#### Exercise objective
Your task is to transcribe the data exactly while omitting each picture.

#### Dataset records
[Start of section]

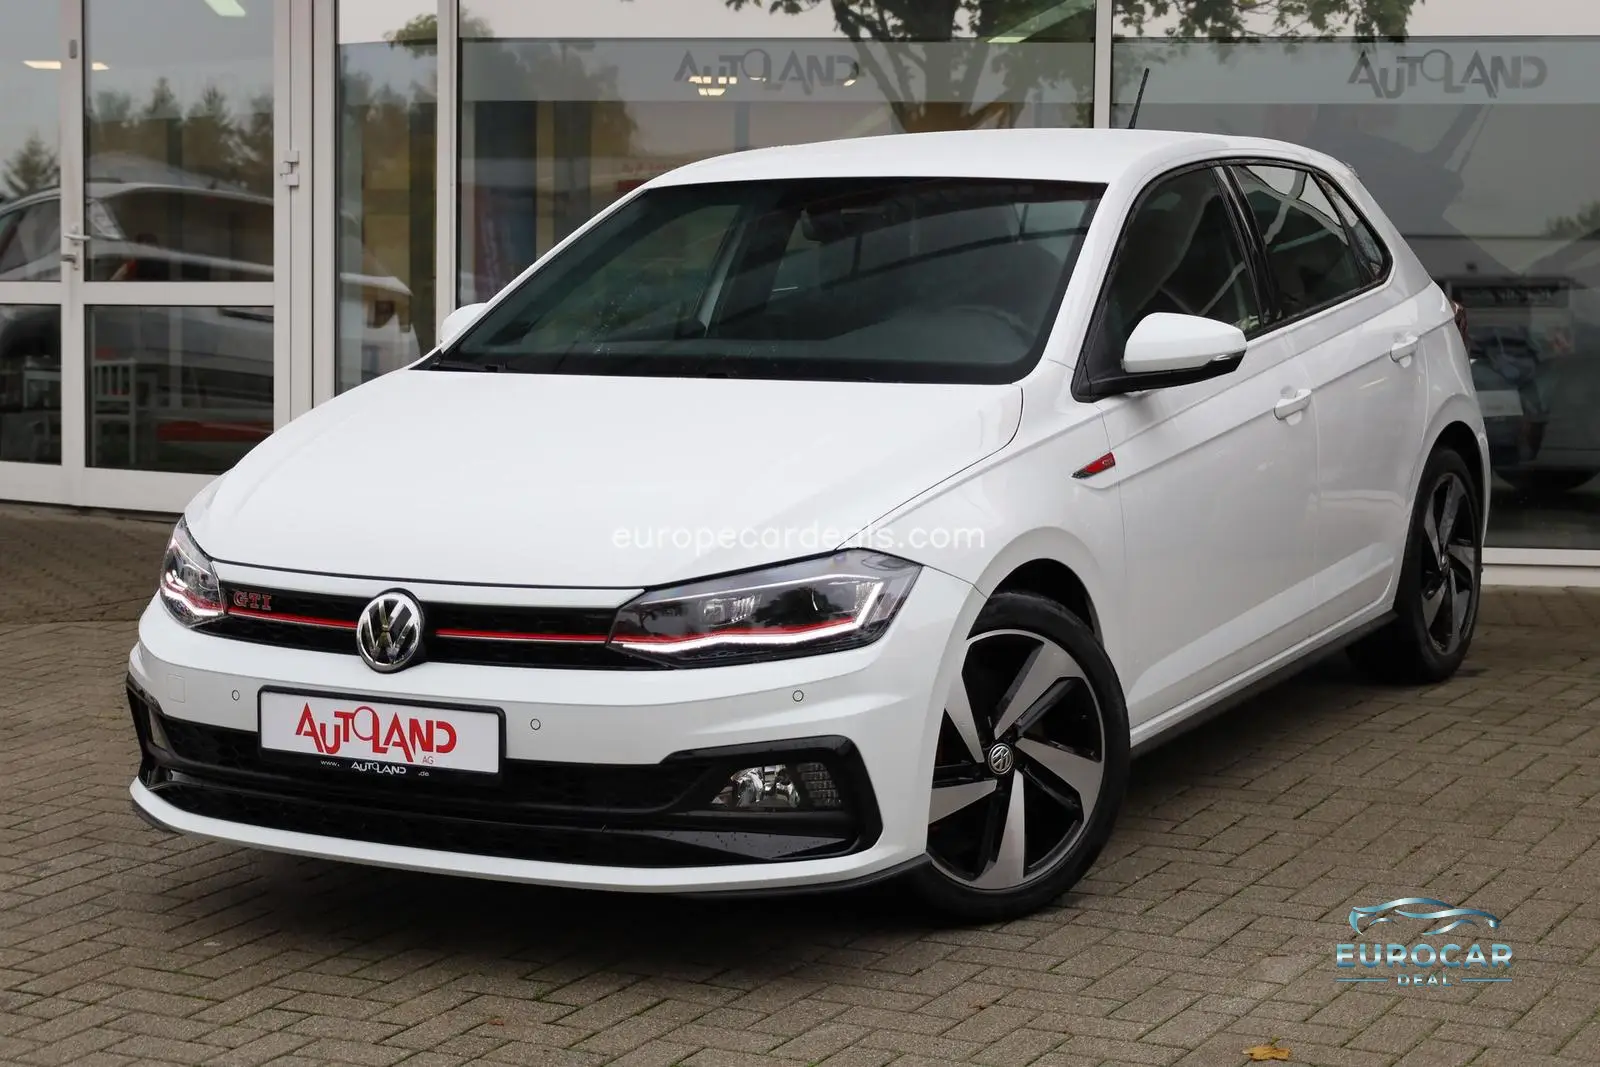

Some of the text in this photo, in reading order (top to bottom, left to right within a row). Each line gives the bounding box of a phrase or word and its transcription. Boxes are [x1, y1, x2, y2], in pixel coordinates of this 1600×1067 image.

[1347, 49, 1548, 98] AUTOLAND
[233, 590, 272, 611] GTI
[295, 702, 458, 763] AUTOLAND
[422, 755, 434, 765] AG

[End of section]

#### Answer to this problem
Some of the text in this photo, in reading order (top to bottom, left to right within a row). Each line gives the bounding box of a phrase or word and its transcription. Boxes are [x1, y1, x2, y2], in pixel coordinates of this 1600×1067 image.

[1347, 49, 1548, 98] AUTOLAND
[233, 590, 272, 611] GTI
[295, 702, 458, 763] AUTOLAND
[422, 755, 434, 765] AG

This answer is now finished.